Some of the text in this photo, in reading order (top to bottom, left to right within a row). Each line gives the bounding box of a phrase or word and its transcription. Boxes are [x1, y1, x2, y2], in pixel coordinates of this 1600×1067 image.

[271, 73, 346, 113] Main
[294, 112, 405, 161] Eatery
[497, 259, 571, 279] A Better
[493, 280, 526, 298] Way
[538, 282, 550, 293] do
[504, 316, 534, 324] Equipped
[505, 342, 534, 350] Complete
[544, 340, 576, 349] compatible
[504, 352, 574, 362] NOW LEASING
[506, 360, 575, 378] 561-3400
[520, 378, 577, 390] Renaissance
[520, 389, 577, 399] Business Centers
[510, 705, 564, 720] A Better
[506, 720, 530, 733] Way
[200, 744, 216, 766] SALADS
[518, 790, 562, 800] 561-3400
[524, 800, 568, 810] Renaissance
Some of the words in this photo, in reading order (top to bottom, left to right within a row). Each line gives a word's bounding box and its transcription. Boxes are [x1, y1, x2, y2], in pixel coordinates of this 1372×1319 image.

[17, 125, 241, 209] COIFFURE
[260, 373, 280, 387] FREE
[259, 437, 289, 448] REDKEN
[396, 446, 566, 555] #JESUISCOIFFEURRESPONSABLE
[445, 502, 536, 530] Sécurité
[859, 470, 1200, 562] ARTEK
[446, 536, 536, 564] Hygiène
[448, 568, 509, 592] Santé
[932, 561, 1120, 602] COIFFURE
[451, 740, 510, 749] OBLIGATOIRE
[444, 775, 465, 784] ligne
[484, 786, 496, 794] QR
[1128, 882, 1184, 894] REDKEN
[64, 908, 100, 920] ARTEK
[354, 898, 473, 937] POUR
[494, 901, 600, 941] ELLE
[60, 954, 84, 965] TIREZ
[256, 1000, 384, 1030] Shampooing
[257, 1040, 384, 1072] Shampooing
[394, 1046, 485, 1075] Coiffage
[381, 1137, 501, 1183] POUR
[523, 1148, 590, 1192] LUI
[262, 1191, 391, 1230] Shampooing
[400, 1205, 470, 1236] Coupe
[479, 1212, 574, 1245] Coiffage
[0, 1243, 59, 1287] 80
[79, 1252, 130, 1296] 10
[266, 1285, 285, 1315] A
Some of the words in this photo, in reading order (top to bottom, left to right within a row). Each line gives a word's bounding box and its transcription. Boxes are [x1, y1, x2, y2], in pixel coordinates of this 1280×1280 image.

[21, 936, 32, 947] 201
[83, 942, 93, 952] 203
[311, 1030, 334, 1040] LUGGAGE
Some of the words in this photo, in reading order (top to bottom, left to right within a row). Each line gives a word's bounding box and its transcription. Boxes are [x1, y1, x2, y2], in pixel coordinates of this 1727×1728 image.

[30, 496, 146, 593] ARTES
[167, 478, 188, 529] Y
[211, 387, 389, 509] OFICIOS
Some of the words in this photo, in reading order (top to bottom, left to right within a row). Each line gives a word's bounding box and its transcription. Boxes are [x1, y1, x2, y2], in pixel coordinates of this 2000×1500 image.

--- --- ---

Repeat the listing. Keep each line precisely as shown.

Some of the text in this photo, in reading order (top to bottom, left to right within a row). Each line gives the bounding box of a phrase or word and its transcription. Boxes are [x1, y1, x2, y2], in pixel coordinates of this 1600×1067 image.

[271, 73, 346, 113] Main
[294, 112, 405, 161] Eatery
[497, 259, 571, 279] A Better
[493, 280, 526, 298] Way
[538, 282, 550, 293] do
[504, 316, 534, 324] Equipped
[505, 342, 534, 350] Complete
[544, 340, 576, 349] compatible
[504, 352, 574, 362] NOW LEASING
[506, 360, 575, 378] 561-3400
[520, 378, 577, 390] Renaissance
[520, 389, 577, 399] Business Centers
[510, 705, 564, 720] A Better
[506, 720, 530, 733] Way
[200, 744, 216, 766] SALADS
[518, 790, 562, 800] 561-3400
[524, 800, 568, 810] Renaissance
Some of the words in this photo, in reading order (top to bottom, left to right within a row). Each line gives a word's bounding box and its transcription. Boxes are [x1, y1, x2, y2], in pixel coordinates of this 1372×1319 image.

[17, 125, 241, 209] COIFFURE
[260, 373, 280, 387] FREE
[259, 437, 289, 448] REDKEN
[396, 446, 566, 555] #JESUISCOIFFEURRESPONSABLE
[445, 502, 536, 530] Sécurité
[859, 470, 1200, 562] ARTEK
[446, 536, 536, 564] Hygiène
[448, 568, 509, 592] Santé
[932, 561, 1120, 602] COIFFURE
[451, 740, 510, 749] OBLIGATOIRE
[444, 775, 465, 784] ligne
[484, 786, 496, 794] QR
[1128, 882, 1184, 894] REDKEN
[64, 908, 100, 920] ARTEK
[354, 898, 473, 937] POUR
[494, 901, 600, 941] ELLE
[60, 954, 84, 965] TIREZ
[256, 1000, 384, 1030] Shampooing
[257, 1040, 384, 1072] Shampooing
[394, 1046, 485, 1075] Coiffage
[381, 1137, 501, 1183] POUR
[523, 1148, 590, 1192] LUI
[262, 1191, 391, 1230] Shampooing
[400, 1205, 470, 1236] Coupe
[479, 1212, 574, 1245] Coiffage
[0, 1243, 59, 1287] 80
[79, 1252, 130, 1296] 10
[266, 1285, 285, 1315] A
Some of the words in this photo, in reading order (top to bottom, left to right within a row). Each line gives a word's bounding box and its transcription. Boxes are [x1, y1, x2, y2], in pixel coordinates of this 1280×1280 image.

[21, 936, 32, 947] 201
[83, 942, 93, 952] 203
[311, 1030, 334, 1040] LUGGAGE
Some of the words in this photo, in reading order (top to bottom, left to right within a row). Each line gives a word's bounding box and its transcription. Boxes are [x1, y1, x2, y2], in pixel coordinates of this 1727×1728 image.

[30, 496, 146, 593] ARTES
[167, 478, 188, 529] Y
[211, 387, 389, 509] OFICIOS
Some of the words in this photo, in reading order (top to bottom, left to right within a row). Each line gives a word's bounding box and its transcription. Boxes are [x1, y1, x2, y2], in pixel coordinates of this 2000×1500 image.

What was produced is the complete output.